Even the OIC, the foremost forum for Muslim states, refuses to challenge India. Only three nations – China, Turkey, and Malaysia – are the exception but their actions, too, have been limited to condemnations. Pakistan’s possession of nuclear weapons has also been of no use in tilting the scales in our favor.
What, then, should Pakistan do? It is important to note that Pakistan still possesses a variety of options through which it can both respond to India and provide encouragement to Kashmiris.
To bring the issue to the forefront of our political discourse, the government should immediately convene a meeting of the top political and military leadership with a one-point agenda: Kashmir.
The objective should be to unanimously arrive at a long-term roadmap for addressing the dispute.
The leadership of Azad Kashmir must also be party to this deliberative process.
Under this roadmap, the first step should be to conduct a two-step plebiscite in Azad Kashmir under the supervision of international observers from institutions such as the U.N.

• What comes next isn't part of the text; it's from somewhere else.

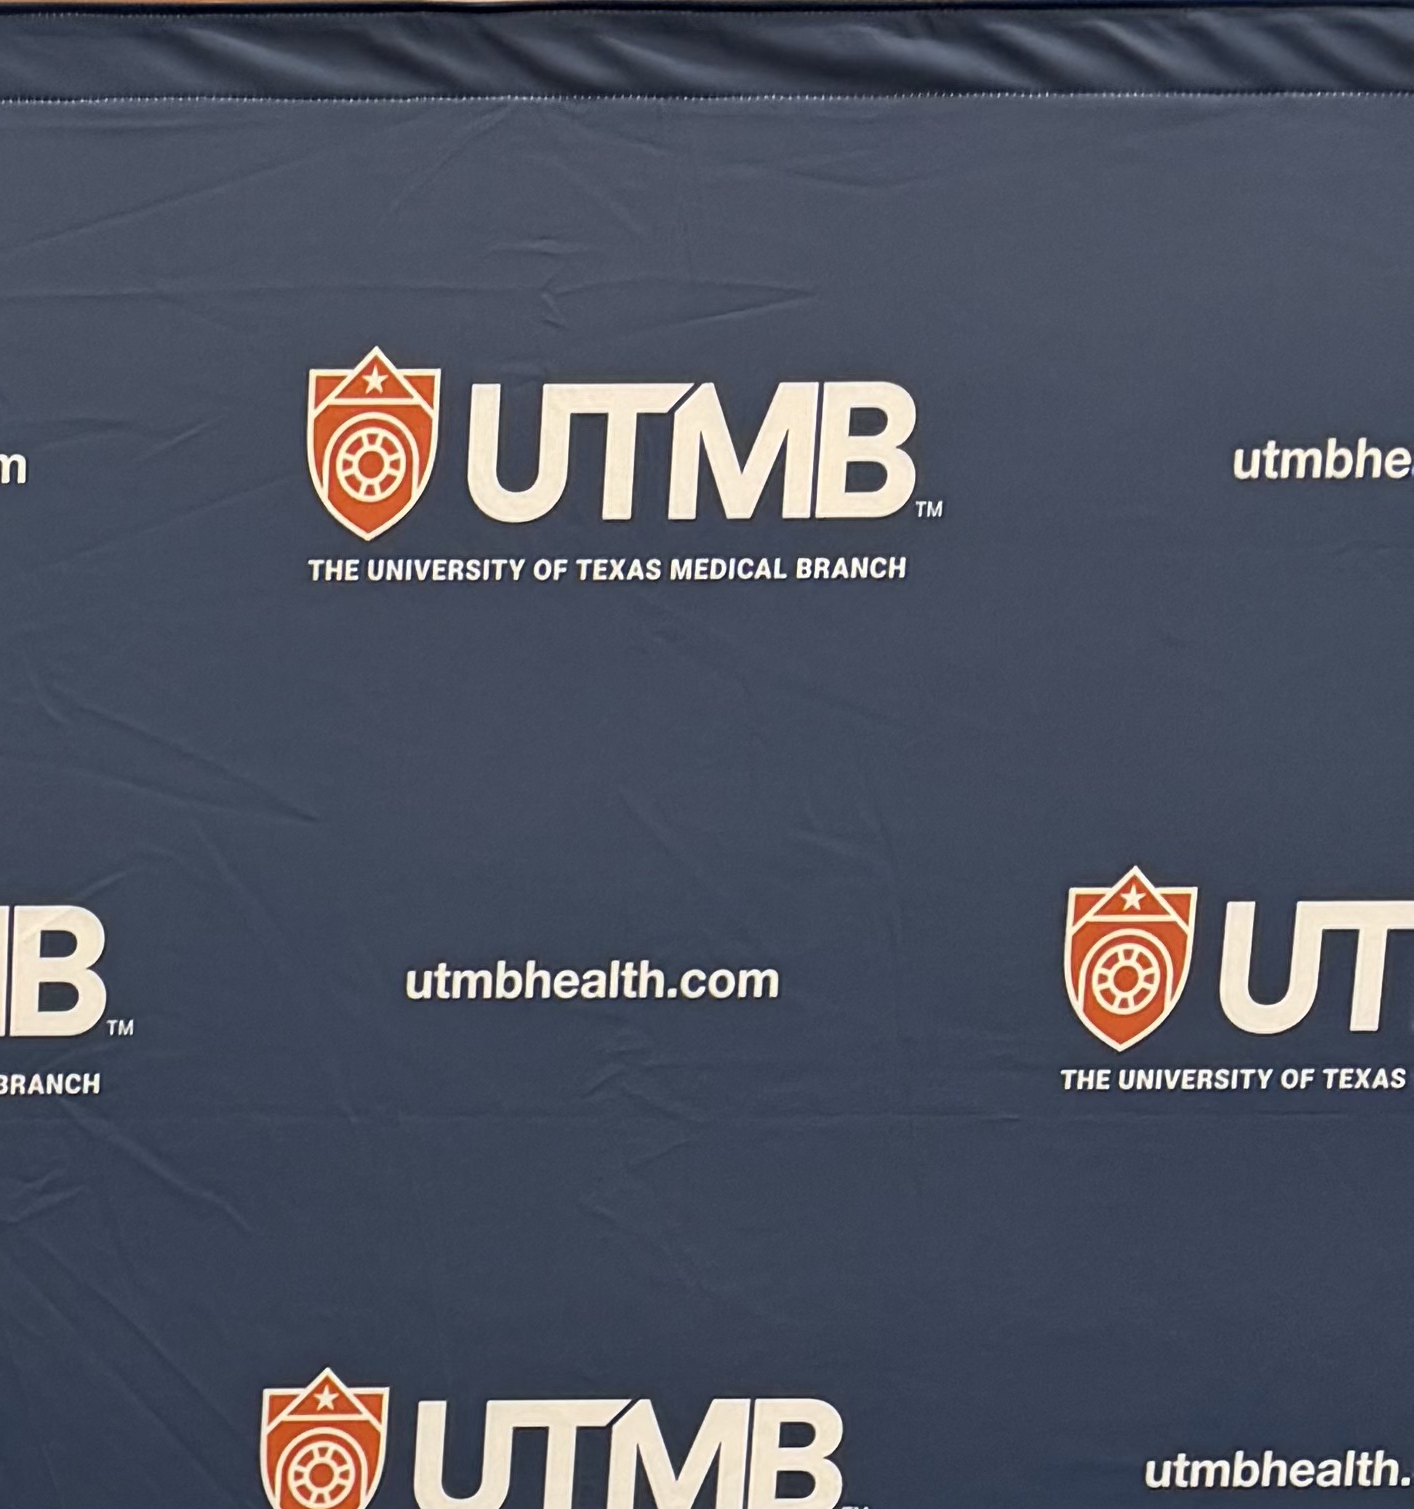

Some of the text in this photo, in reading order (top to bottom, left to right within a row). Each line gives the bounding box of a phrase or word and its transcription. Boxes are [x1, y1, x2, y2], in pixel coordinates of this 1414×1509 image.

In the first step, the Kashmiris should be asked whether they would rather vote on their future status now or should this be deferred until both sides of Kashmir have been demilitarized and the U.N. administrator appointed.
If the people of Azad Kashmir opt for the former option, then a second referendum should be held.
In this, the Kashmiris should be given three choices: permanent amalgamation with India, permanent amalgamation with Pakistan, or independent status.
Again, it is important to emphasize that this must be a transparent process conducted under the supervision of independent observers. And as there are political forces in Azad Kashmir with differing views on this question, they must all be given the opportunity to campaign freely and effectively.
The results of the referendum should be accepted, and the international community made aware that Pakistan has upheld its side of the bargain and India must now be asked to do the same.
In the event that the people of Azad Kashmir do opt for a union with Pakistan, they should receive proportional representation in both the National Assembly and Senate.
The same process should be repeated in Gilgit Baltistan.
This will ensure that, for now at least, these regions will formally fall under the control of the Pakistani state. And through conducting it in a transparent manner, Pakistan will ensure that both its allies and the wider international community will recognize this process and grant it a degree of legitimacy.
A more permanent settlement can be reached when a plebiscite is held under the U.N. framework in Indian Occupied Kashmir. In the meantime, this preliminary plebiscite will serve as a source of encouragement for the people of Azad Kashmir and Gilgit Baltistan while also ensuring that these regions begin their journeys toward development and prosperity.
Pakistan should face no difficulties in justifying this process, as this is merely a result of India’s decision to violate both international and bilateral agreements through the revocation of Article 370.
This is similar to Pakistan’s decision to test its nuclear weapons capabilities in response to India’s nuclear tests. If Pakistan dithers in initiating this process, it will provide room for India to provoke unrest and possibly insurgencies in both these territories.
This has been a longstanding Indian objective and several attempts have been made in the past to do just this.
Pakistan’s position on Kashmir was first laid down by Quaid-e-Azam Mohammed Ali Jinnah when he described Kashmir as Pakistan’s jugular vein.
However, if an animal’s jugular vein is within the grasp of a predator, it is difficult to predict if its life will end immediately or whether it find a way to escape from the predator’s clutches.
A similar air of uncertainty hangs over the future of Indian Occupied Kashmir. And so, while India will do everything it can to prevent internal chaos, it is imperative that Pakistan takes practical steps to perverse the future of the peoples that reside within its territories.